[Dataset extract Boundary: Start]

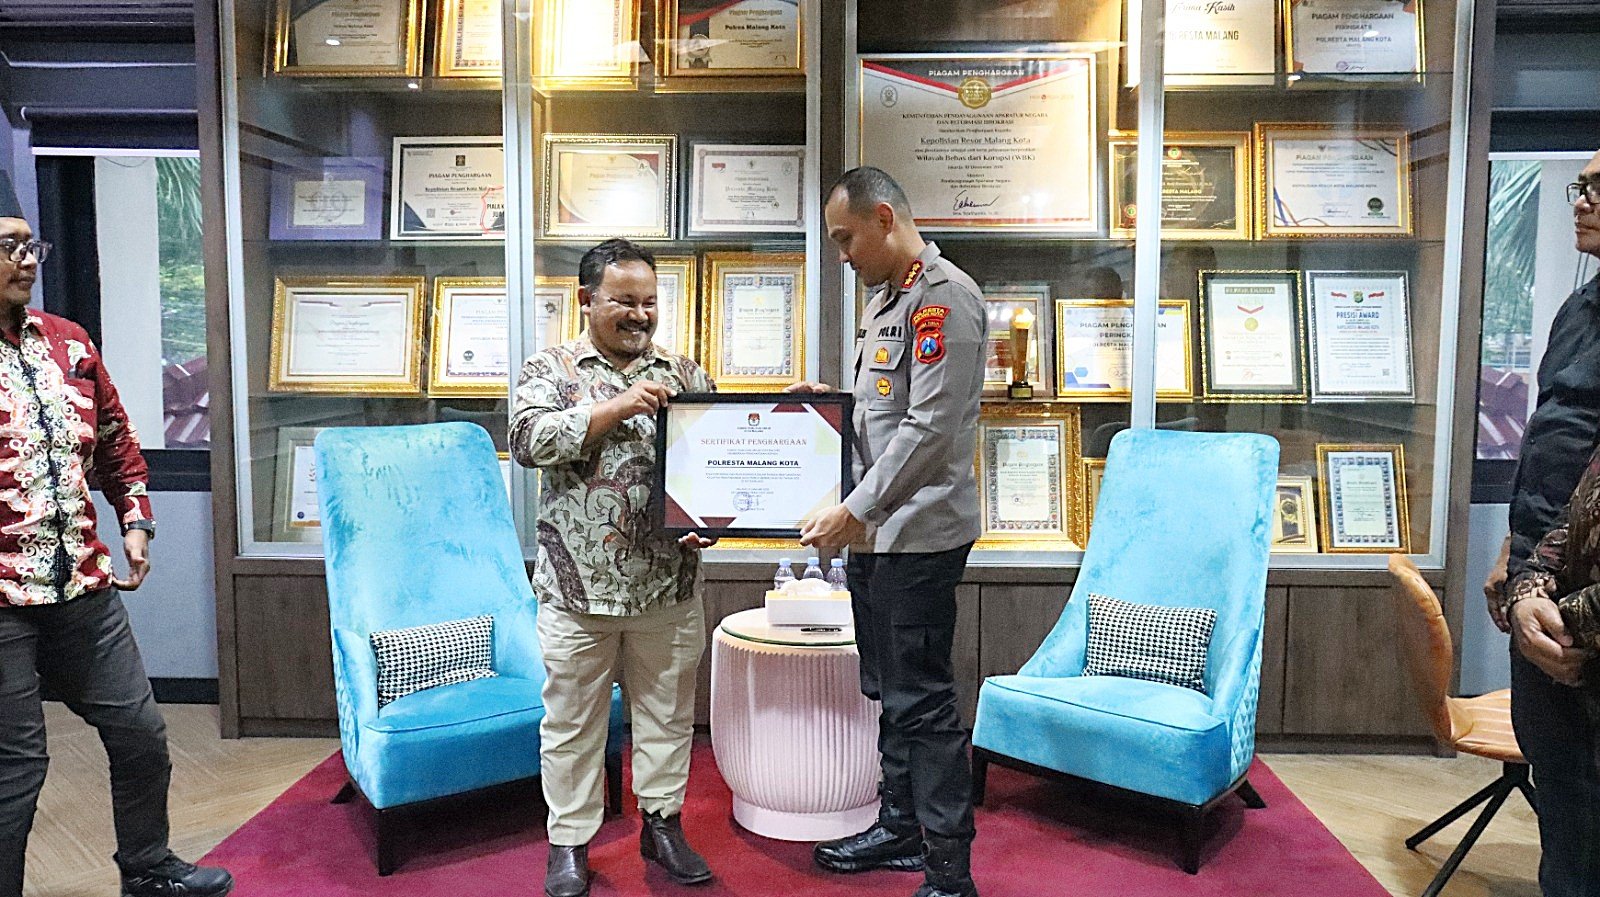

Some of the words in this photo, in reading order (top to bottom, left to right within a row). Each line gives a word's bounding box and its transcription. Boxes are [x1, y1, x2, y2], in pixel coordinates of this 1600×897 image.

[1204, 1, 1235, 14] Kasih
[1206, 31, 1239, 40] MALANG
[984, 137, 1012, 146] Malang
[700, 438, 745, 446] SERTIFIKAT

[Dataset extract Boundary: End]

Apart from the pictures, all of the data must be duplicated exactly as shown above.

Some of the words in this photo, in reading order (top to bottom, left to right within a row). Each line gives a word's bounding box and its transcription. Boxes are [x1, y1, x2, y2], in pixel coordinates of this 1600×897 image.

[1204, 1, 1235, 14] Kasih
[1206, 31, 1239, 40] MALANG
[984, 137, 1012, 146] Malang
[700, 438, 745, 446] SERTIFIKAT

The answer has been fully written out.